Be bequeather of the Pinakes, Kokkale,
there to Hygeia’s right—

KOKKALE:
                                —O, how beautiful, dear
Kynno, these statues are. Who made such mastered
marble and by whom were they dedicated here?

KYNNO:
The sons of Praxiteles, see the autograph
inscribed on the base, dedicated by Euthies,
son of Prexon—

KOKKALE:
                   —May Paion shed grace upon them
and Euithes for the beauty of all these works.

KYNNO:
Look, my love, at that girl whose sights aspire up
upon that apple, her own Eros will lay her
flat if she can’t reach that far up the branch it seems.

KOKKALE:
And there, Kynno, the old man.

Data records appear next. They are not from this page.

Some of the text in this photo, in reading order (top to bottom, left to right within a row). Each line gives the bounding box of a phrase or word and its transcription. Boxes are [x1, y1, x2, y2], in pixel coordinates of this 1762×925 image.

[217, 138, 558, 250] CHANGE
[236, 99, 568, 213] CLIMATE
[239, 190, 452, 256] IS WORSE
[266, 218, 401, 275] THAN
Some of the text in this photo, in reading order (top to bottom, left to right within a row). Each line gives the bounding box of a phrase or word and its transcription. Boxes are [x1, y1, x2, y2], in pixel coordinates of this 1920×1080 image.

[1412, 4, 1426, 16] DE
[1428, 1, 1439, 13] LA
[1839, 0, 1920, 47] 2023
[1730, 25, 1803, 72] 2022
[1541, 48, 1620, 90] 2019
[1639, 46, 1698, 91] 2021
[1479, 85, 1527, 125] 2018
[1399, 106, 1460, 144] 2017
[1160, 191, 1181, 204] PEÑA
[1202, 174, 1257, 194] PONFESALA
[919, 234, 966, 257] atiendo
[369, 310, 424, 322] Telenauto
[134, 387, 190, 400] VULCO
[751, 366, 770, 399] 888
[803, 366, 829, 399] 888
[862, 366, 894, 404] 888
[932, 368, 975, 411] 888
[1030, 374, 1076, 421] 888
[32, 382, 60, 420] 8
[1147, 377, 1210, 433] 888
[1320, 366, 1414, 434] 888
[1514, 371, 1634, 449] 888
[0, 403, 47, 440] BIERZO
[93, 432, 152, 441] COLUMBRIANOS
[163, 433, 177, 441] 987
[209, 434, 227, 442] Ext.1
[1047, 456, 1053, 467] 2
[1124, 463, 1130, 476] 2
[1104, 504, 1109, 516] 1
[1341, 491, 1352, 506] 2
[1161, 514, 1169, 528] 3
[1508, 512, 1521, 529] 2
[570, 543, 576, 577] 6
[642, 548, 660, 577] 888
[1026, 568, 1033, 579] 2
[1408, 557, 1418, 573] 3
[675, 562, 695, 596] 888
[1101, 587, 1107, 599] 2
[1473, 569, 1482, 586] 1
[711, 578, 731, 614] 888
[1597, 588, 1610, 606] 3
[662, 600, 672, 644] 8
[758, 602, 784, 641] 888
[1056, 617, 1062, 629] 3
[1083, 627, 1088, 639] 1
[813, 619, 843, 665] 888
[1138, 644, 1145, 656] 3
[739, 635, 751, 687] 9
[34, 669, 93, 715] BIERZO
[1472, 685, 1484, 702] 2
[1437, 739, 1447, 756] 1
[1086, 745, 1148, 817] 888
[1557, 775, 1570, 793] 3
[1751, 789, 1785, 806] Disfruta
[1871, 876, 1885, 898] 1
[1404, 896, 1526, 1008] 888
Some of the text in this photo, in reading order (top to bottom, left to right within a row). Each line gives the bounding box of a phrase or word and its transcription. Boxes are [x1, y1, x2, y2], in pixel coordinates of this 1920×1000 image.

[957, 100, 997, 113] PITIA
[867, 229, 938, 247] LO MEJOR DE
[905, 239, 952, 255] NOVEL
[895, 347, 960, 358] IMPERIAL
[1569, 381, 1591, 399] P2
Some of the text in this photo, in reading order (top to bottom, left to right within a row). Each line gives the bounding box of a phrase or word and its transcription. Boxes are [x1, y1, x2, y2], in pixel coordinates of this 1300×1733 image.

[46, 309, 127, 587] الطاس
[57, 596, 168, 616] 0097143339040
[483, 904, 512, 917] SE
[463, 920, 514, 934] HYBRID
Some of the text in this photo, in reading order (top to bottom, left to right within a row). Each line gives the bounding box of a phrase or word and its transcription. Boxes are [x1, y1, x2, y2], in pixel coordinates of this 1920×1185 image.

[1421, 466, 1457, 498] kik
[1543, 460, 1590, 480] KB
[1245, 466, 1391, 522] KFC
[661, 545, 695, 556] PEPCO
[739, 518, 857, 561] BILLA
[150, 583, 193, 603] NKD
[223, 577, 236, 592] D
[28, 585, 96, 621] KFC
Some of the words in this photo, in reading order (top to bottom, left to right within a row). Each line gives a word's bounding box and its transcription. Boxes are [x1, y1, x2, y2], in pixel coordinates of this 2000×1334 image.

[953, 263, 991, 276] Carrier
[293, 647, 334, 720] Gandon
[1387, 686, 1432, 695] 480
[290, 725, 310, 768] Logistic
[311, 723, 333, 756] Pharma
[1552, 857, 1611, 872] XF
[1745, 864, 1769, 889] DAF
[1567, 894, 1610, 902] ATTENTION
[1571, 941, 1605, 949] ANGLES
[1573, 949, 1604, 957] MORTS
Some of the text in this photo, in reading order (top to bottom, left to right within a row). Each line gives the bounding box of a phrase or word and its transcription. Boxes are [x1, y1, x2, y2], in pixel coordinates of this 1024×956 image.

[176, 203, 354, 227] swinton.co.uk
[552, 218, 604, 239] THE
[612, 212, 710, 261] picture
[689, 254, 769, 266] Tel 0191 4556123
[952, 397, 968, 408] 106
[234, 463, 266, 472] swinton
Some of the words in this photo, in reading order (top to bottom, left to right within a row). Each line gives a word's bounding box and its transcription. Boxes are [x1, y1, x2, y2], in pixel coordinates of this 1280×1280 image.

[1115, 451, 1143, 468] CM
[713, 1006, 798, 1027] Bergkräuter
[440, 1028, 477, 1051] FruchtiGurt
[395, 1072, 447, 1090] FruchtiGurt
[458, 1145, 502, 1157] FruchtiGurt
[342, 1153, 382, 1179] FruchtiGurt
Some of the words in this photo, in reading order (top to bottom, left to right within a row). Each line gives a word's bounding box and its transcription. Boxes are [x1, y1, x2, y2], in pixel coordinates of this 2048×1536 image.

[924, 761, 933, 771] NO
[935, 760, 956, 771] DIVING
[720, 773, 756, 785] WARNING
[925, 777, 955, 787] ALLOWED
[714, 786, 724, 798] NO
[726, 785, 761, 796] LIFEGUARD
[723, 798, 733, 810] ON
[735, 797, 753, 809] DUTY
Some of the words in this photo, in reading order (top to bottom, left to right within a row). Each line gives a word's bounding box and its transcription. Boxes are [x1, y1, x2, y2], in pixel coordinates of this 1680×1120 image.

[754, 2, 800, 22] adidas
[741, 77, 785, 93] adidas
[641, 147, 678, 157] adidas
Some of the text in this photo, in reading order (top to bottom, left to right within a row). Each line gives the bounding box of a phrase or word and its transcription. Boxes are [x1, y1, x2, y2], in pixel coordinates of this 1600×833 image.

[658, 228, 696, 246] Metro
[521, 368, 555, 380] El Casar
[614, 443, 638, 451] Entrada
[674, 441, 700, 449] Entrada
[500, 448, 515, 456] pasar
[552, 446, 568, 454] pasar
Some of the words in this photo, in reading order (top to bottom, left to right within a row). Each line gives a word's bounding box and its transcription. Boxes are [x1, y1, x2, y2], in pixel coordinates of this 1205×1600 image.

By the great Moirai,
how that goose is strangulated by the boy.

KYNNO:
If you didn’t know stone stood before our feet, you’d
swear he was going to speak; with the patience of time
man will soon strike divine sparking life from marble.

KOKKALE:
Yes, Kynno, for can’t you see how Batale poses,
she, this blooming andrias, daughter of Myttes,
if you’d never seen Battale herself, looking
on her portrait here you would never feel the need.

KYNNO:
Come, my darling, with me and observe a beauty 
greater than any the like seen in your whole life.
Kydilla, go and fetch the little temple sweep;
I’m talking to you, yourself, whilst you gape and gaze;
Mother, she hasn’t heard a word of what I have said,
just stands there staring from empty orbs like a crab.
I’ll say again, go fetch the little temple sweep.
You eating machine, whom neither good women
nor secular can praise, all-conqueringly lazy.
My witness, Kydilla, is the god standing here,
Your making me burn when I had no such desire,
he as my witness, I say the day will soon rise
when I will give you reason to rub your forehead.

KOKKALE:
Don’t let everything give you such heartache, Kynno.
She’s a slave, slave indolence spreads out from the ear.

KYNNO:
But day has come and the crowds now begin to throng.
You, stay here, for the doors are now open, and the
curtain draws—

KOKKALE:
                              —have you no eyes, Kynno my lovely,
for these works here. The mark of Athena seems there
on each beautiful thing. Greetings my goddess queen,
If I were to prick this boy in his nakedness,
the wound would bleed, wouldn’t it, Kynno. His skin is
shimmering as if a hot, hot spring ran bright through
seams in the paint. And those fire bearing tongs,
if seen by Myellos or that Pataikiskos,
Lamprion’s son, would elevate their eyes on storks
thinking they gazed on real Argentinian wares.
O, the ox and his leader, the girl attendant,
those giant-nosed men, those with disordered hair,
bring a vision of life in Hemera’s brightness,
and if it wasn’t injurious to womanhood
I would have bellowed in fear of that great oxen;
that still glares on me, Kynno, from the other eye.

KYNNO:
In truth, my love, the hand of the Ephesian
is all apparent in the Apellian line;
it can’t be said the man saw one thing and ignored 
another, but what came to eye was given bright 
being in immaculate touches of the divine.
She, viewing such works without the right all-awed mind,
deserves to be dangling footed with the laundry.

NEOKOROS:
Beautifully received, O ladies, your sacred gift
portends auspiciously. Nobody has made Paion
more greatly delighted than yourselves on this day.
Ie, Ie, Paion, smile kindly on this
beautiful sacrifice and on these women and
all their genos, whether of marriage or of blood.
Ie, Ie, Paion let all this be achieved.

KOKKALE:
And so, O majesty of gods, may we follow
with yet greater sacrificial gifts borne by our
husbands and children—

KYNNO:
                                —Kokkale, now remember
to make a cutting of the bird’s beautiful little 
foot in reverence to the young man. And to slot
the cake coin in the serpent’s box with beautiful
silent hand. Moisten the cakes. And we’ll eat the rest 
when at home. Don’t mistake to take some sacral bread,
you, and then hand it out as freely as you can,
for after sacrifice there’s pleasure in one’s lot.